Problem details: Could you reproduce every record below exactly as it stands?
*** Opening Given entries ***
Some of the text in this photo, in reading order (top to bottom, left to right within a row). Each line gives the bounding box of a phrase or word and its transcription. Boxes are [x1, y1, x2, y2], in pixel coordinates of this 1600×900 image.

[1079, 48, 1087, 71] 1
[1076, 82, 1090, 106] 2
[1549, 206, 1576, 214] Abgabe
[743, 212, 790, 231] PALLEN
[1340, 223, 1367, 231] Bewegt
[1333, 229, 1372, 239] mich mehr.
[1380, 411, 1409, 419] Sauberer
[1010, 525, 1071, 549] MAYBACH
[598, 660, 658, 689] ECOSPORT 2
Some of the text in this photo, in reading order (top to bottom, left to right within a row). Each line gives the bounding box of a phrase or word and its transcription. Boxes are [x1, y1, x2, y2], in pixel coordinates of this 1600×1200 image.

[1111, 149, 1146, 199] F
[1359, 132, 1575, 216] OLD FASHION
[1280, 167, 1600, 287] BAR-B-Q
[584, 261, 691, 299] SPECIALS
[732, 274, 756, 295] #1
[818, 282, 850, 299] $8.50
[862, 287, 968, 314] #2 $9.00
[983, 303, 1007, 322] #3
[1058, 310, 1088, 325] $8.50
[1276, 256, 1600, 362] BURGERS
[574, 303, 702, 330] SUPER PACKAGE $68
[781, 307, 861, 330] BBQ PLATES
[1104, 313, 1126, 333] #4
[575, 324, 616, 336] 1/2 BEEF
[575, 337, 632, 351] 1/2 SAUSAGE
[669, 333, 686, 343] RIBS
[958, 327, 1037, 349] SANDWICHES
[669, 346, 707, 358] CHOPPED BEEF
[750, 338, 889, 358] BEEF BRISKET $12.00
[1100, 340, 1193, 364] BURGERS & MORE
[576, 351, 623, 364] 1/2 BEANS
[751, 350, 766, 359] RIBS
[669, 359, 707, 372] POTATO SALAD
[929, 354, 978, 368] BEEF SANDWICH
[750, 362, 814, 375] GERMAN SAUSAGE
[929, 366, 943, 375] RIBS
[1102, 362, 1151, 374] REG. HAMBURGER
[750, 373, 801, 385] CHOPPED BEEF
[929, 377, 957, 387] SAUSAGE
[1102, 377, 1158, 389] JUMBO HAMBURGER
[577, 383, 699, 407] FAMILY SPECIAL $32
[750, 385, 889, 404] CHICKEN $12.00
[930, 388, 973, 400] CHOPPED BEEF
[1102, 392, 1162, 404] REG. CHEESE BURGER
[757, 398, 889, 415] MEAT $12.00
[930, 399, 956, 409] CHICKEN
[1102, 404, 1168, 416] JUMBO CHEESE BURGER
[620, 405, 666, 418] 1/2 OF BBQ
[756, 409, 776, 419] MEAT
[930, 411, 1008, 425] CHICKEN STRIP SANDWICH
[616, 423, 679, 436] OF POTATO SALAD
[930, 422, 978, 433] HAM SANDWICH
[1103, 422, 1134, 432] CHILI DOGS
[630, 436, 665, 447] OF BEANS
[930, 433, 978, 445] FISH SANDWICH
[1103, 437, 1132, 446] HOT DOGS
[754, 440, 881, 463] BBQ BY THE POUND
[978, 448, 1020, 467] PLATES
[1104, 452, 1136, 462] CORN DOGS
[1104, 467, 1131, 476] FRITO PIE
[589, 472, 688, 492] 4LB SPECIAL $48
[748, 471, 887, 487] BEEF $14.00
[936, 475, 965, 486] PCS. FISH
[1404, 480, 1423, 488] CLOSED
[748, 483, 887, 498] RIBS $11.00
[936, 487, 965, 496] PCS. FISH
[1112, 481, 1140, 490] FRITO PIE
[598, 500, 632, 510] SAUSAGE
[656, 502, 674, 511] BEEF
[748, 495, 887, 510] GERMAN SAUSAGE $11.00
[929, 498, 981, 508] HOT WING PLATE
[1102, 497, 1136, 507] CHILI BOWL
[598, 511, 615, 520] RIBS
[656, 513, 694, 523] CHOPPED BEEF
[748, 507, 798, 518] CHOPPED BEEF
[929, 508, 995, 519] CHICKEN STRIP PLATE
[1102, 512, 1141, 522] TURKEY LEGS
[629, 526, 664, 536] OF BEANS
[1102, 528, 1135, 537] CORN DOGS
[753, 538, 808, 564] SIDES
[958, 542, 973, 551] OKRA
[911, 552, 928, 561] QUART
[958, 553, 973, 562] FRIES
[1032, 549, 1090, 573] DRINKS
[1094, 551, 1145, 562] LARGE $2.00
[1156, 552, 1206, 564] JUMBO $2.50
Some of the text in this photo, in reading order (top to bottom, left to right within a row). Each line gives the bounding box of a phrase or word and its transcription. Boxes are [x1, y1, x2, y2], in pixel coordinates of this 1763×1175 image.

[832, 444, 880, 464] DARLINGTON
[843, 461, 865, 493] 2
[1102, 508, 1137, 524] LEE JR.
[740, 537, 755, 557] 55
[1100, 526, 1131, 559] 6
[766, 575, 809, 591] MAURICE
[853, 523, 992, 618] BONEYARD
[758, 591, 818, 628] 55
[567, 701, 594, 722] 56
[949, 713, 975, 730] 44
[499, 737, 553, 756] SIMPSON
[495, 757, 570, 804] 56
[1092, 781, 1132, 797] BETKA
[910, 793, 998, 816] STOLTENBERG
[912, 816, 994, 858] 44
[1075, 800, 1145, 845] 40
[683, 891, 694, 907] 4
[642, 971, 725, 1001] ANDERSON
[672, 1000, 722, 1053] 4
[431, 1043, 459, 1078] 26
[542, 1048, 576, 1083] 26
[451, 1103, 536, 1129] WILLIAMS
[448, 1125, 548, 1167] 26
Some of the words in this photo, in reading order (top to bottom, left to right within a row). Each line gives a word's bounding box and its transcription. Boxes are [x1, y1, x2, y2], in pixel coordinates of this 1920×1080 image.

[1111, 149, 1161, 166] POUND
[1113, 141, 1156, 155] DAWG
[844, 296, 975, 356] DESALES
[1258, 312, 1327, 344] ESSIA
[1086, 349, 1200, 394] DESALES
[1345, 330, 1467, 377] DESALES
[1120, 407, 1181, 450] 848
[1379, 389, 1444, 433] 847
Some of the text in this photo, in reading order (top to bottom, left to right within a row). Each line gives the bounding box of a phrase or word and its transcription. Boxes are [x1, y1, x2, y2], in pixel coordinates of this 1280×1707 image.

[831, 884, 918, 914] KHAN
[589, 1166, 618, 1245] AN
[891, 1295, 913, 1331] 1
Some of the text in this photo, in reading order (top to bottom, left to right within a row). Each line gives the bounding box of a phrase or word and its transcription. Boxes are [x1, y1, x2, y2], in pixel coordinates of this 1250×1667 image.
*** Closing Given entries ***
Output for this exercise:
Some of the text in this photo, in reading order (top to bottom, left to right within a row). Each line gives the bounding box of a phrase or word and its transcription. Boxes are [x1, y1, x2, y2], in pixel coordinates of this 1600×900 image.

[1079, 48, 1087, 71] 1
[1076, 82, 1090, 106] 2
[1549, 206, 1576, 214] Abgabe
[743, 212, 790, 231] PALLEN
[1340, 223, 1367, 231] Bewegt
[1333, 229, 1372, 239] mich mehr.
[1380, 411, 1409, 419] Sauberer
[1010, 525, 1071, 549] MAYBACH
[598, 660, 658, 689] ECOSPORT 2
Some of the text in this photo, in reading order (top to bottom, left to right within a row). Each line gives the bounding box of a phrase or word and its transcription. Boxes are [x1, y1, x2, y2], in pixel coordinates of this 1600×1200 image.

[1111, 149, 1146, 199] F
[1359, 132, 1575, 216] OLD FASHION
[1280, 167, 1600, 287] BAR-B-Q
[584, 261, 691, 299] SPECIALS
[732, 274, 756, 295] #1
[818, 282, 850, 299] $8.50
[862, 287, 968, 314] #2 $9.00
[983, 303, 1007, 322] #3
[1058, 310, 1088, 325] $8.50
[1276, 256, 1600, 362] BURGERS
[574, 303, 702, 330] SUPER PACKAGE $68
[781, 307, 861, 330] BBQ PLATES
[1104, 313, 1126, 333] #4
[575, 324, 616, 336] 1/2 BEEF
[575, 337, 632, 351] 1/2 SAUSAGE
[669, 333, 686, 343] RIBS
[958, 327, 1037, 349] SANDWICHES
[669, 346, 707, 358] CHOPPED BEEF
[750, 338, 889, 358] BEEF BRISKET $12.00
[1100, 340, 1193, 364] BURGERS & MORE
[576, 351, 623, 364] 1/2 BEANS
[751, 350, 766, 359] RIBS
[669, 359, 707, 372] POTATO SALAD
[929, 354, 978, 368] BEEF SANDWICH
[750, 362, 814, 375] GERMAN SAUSAGE
[929, 366, 943, 375] RIBS
[1102, 362, 1151, 374] REG. HAMBURGER
[750, 373, 801, 385] CHOPPED BEEF
[929, 377, 957, 387] SAUSAGE
[1102, 377, 1158, 389] JUMBO HAMBURGER
[577, 383, 699, 407] FAMILY SPECIAL $32
[750, 385, 889, 404] CHICKEN $12.00
[930, 388, 973, 400] CHOPPED BEEF
[1102, 392, 1162, 404] REG. CHEESE BURGER
[757, 398, 889, 415] MEAT $12.00
[930, 399, 956, 409] CHICKEN
[1102, 404, 1168, 416] JUMBO CHEESE BURGER
[620, 405, 666, 418] 1/2 OF BBQ
[756, 409, 776, 419] MEAT
[930, 411, 1008, 425] CHICKEN STRIP SANDWICH
[616, 423, 679, 436] OF POTATO SALAD
[930, 422, 978, 433] HAM SANDWICH
[1103, 422, 1134, 432] CHILI DOGS
[630, 436, 665, 447] OF BEANS
[930, 433, 978, 445] FISH SANDWICH
[1103, 437, 1132, 446] HOT DOGS
[754, 440, 881, 463] BBQ BY THE POUND
[978, 448, 1020, 467] PLATES
[1104, 452, 1136, 462] CORN DOGS
[1104, 467, 1131, 476] FRITO PIE
[589, 472, 688, 492] 4LB SPECIAL $48
[748, 471, 887, 487] BEEF $14.00
[936, 475, 965, 486] PCS. FISH
[1404, 480, 1423, 488] CLOSED
[748, 483, 887, 498] RIBS $11.00
[936, 487, 965, 496] PCS. FISH
[1112, 481, 1140, 490] FRITO PIE
[598, 500, 632, 510] SAUSAGE
[656, 502, 674, 511] BEEF
[748, 495, 887, 510] GERMAN SAUSAGE $11.00
[929, 498, 981, 508] HOT WING PLATE
[1102, 497, 1136, 507] CHILI BOWL
[598, 511, 615, 520] RIBS
[656, 513, 694, 523] CHOPPED BEEF
[748, 507, 798, 518] CHOPPED BEEF
[929, 508, 995, 519] CHICKEN STRIP PLATE
[1102, 512, 1141, 522] TURKEY LEGS
[629, 526, 664, 536] OF BEANS
[1102, 528, 1135, 537] CORN DOGS
[753, 538, 808, 564] SIDES
[958, 542, 973, 551] OKRA
[911, 552, 928, 561] QUART
[958, 553, 973, 562] FRIES
[1032, 549, 1090, 573] DRINKS
[1094, 551, 1145, 562] LARGE $2.00
[1156, 552, 1206, 564] JUMBO $2.50
Some of the text in this photo, in reading order (top to bottom, left to right within a row). Each line gives the bounding box of a phrase or word and its transcription. Boxes are [x1, y1, x2, y2], in pixel coordinates of this 1763×1175 image.

[832, 444, 880, 464] DARLINGTON
[843, 461, 865, 493] 2
[1102, 508, 1137, 524] LEE JR.
[740, 537, 755, 557] 55
[1100, 526, 1131, 559] 6
[766, 575, 809, 591] MAURICE
[853, 523, 992, 618] BONEYARD
[758, 591, 818, 628] 55
[567, 701, 594, 722] 56
[949, 713, 975, 730] 44
[499, 737, 553, 756] SIMPSON
[495, 757, 570, 804] 56
[1092, 781, 1132, 797] BETKA
[910, 793, 998, 816] STOLTENBERG
[912, 816, 994, 858] 44
[1075, 800, 1145, 845] 40
[683, 891, 694, 907] 4
[642, 971, 725, 1001] ANDERSON
[672, 1000, 722, 1053] 4
[431, 1043, 459, 1078] 26
[542, 1048, 576, 1083] 26
[451, 1103, 536, 1129] WILLIAMS
[448, 1125, 548, 1167] 26
Some of the words in this photo, in reading order (top to bottom, left to right within a row). Each line gives a word's bounding box and its transcription. Boxes are [x1, y1, x2, y2], in pixel coordinates of this 1920×1080 image.

[1111, 149, 1161, 166] POUND
[1113, 141, 1156, 155] DAWG
[844, 296, 975, 356] DESALES
[1258, 312, 1327, 344] ESSIA
[1086, 349, 1200, 394] DESALES
[1345, 330, 1467, 377] DESALES
[1120, 407, 1181, 450] 848
[1379, 389, 1444, 433] 847
Some of the text in this photo, in reading order (top to bottom, left to right within a row). Each line gives the bounding box of a phrase or word and its transcription. Boxes are [x1, y1, x2, y2], in pixel coordinates of this 1280×1707 image.

[831, 884, 918, 914] KHAN
[589, 1166, 618, 1245] AN
[891, 1295, 913, 1331] 1
Some of the text in this photo, in reading order (top to bottom, left to right within a row). Each line gives the bounding box of a phrase or word and its transcription. Boxes are [x1, y1, x2, y2], in pixel coordinates of this 1250×1667 image.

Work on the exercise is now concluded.